Cytoplasmic tail deletion of T cell receptor (TCR) beta-chain results in its surface expression as glycosylphosphatidylinositol-anchored polypeptide on mature T cells in the absence of TCR-alpha

Surface expression of the T cell antigen receptor (TCR) in mature T cells requires the association of a variable heterodimer (alpha.beta or gamma.delta) with six invariant CD3 polypeptides (gamma, delta, epsilon-epsilon, zeta-zeta, or zeta-eta). We described here that deletion of the cytoplasmic tail polypeptide sequence (Lys-Lys-Lys-Asn-Ser) of TCR beta-chain (beta CT) results in expression of the truncated beta-chain on the surface of a mature T cell hybridoma line, in the absence of TCR-alpha, as a glycophosphatidylinositol (GPI)-anchored monomeric polypeptide.
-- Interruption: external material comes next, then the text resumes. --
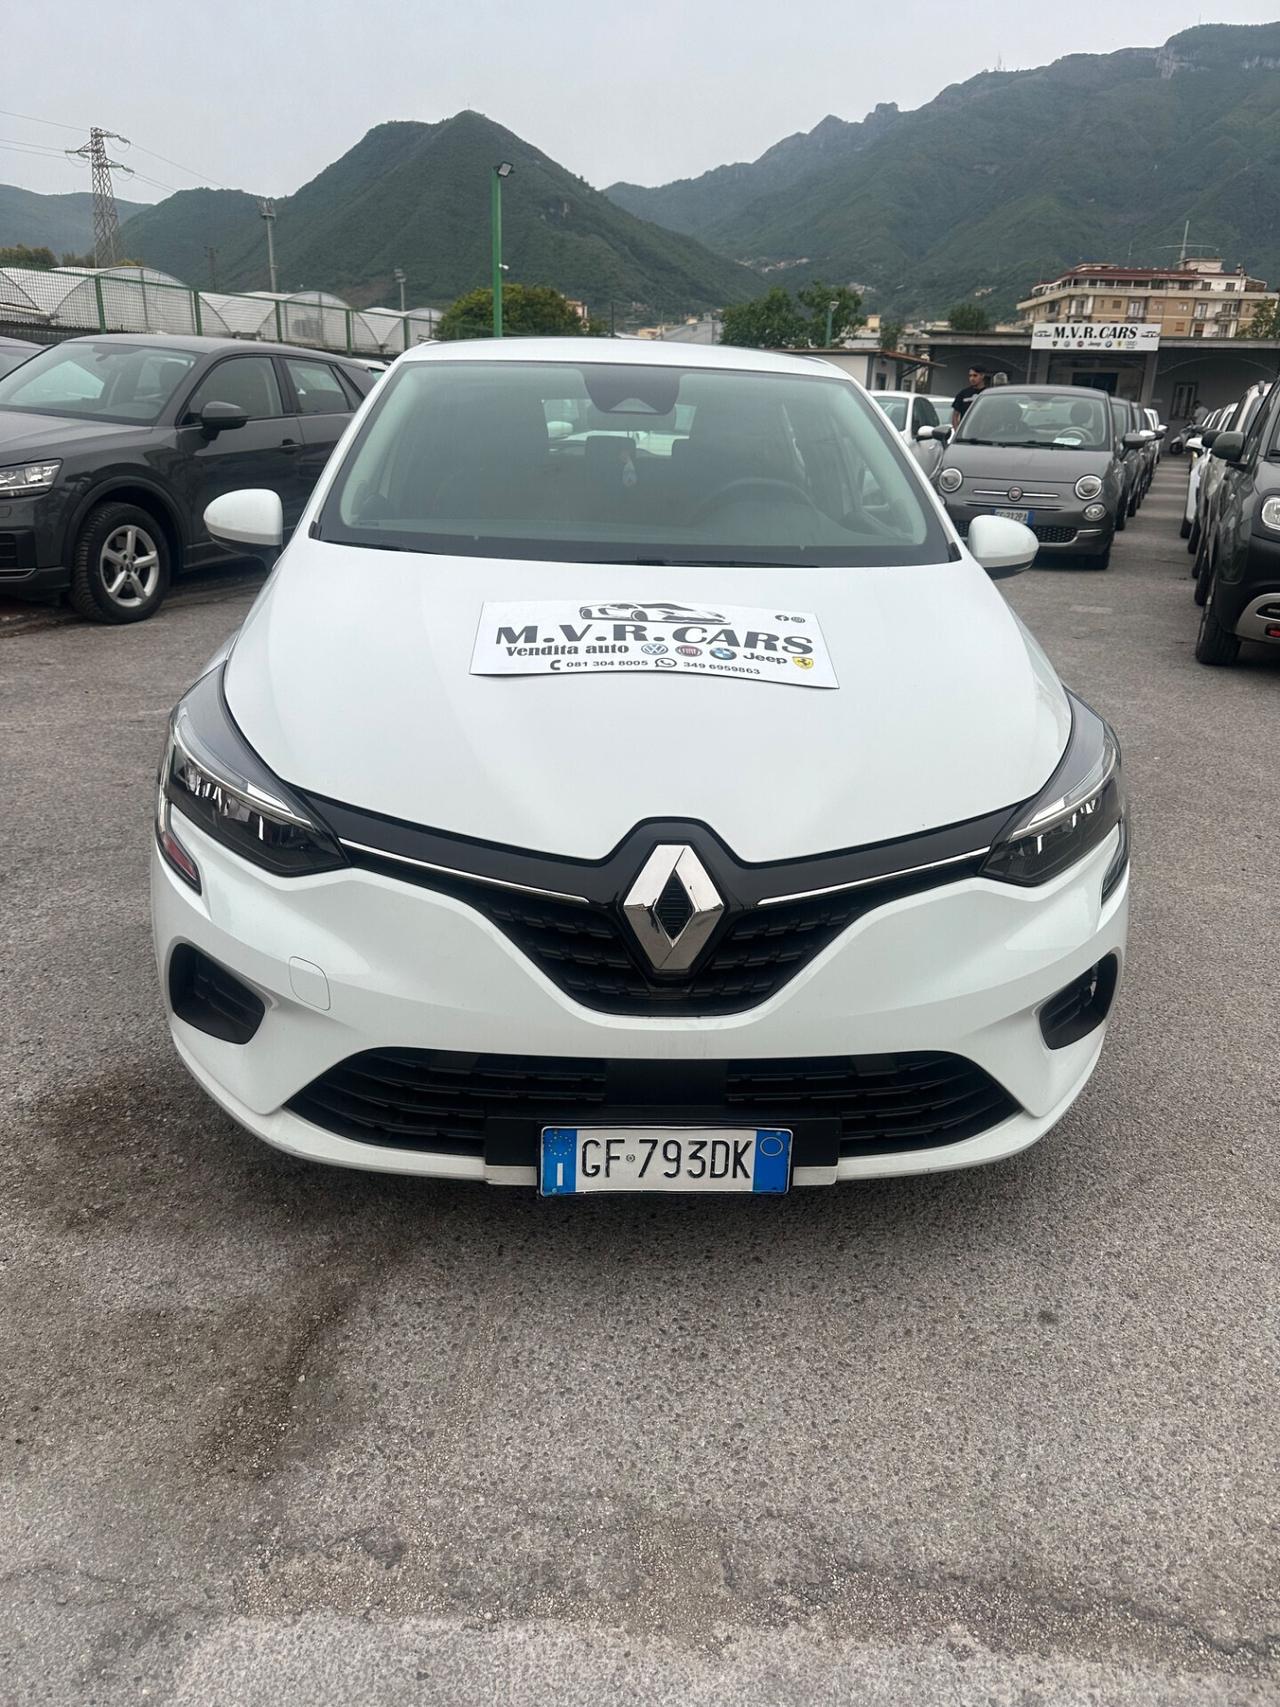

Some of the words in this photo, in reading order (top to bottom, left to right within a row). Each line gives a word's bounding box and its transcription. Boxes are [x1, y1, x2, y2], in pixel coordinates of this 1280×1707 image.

The GPI-anchored TCR-beta CT is not associated with CD3-epsilon and is incapable of conventional signal transduction. Association with TCR-alpha prevents beta CT from GPI-linkage formation. The alpha beta CT heterodimer binds the CD3 polypeptides, and the resultant TCR alpha beta CT/CD3 complex is capable of signal transduction. Our data show that a signal sequence for GPI-linkage formation is present in TCR-beta, and this alternative membrane anchoring mechanism can be utilized by beta-chain polypeptide lacking the CT sequence. We conclude therefore that in the absence of TCR-alpha expression, the beta-chain CT sequence plays an essential function in hindering GPI-linkage formation, thereby preventing escape of incompletely assembled TCR beta-chain to the cell surface of mature T cells.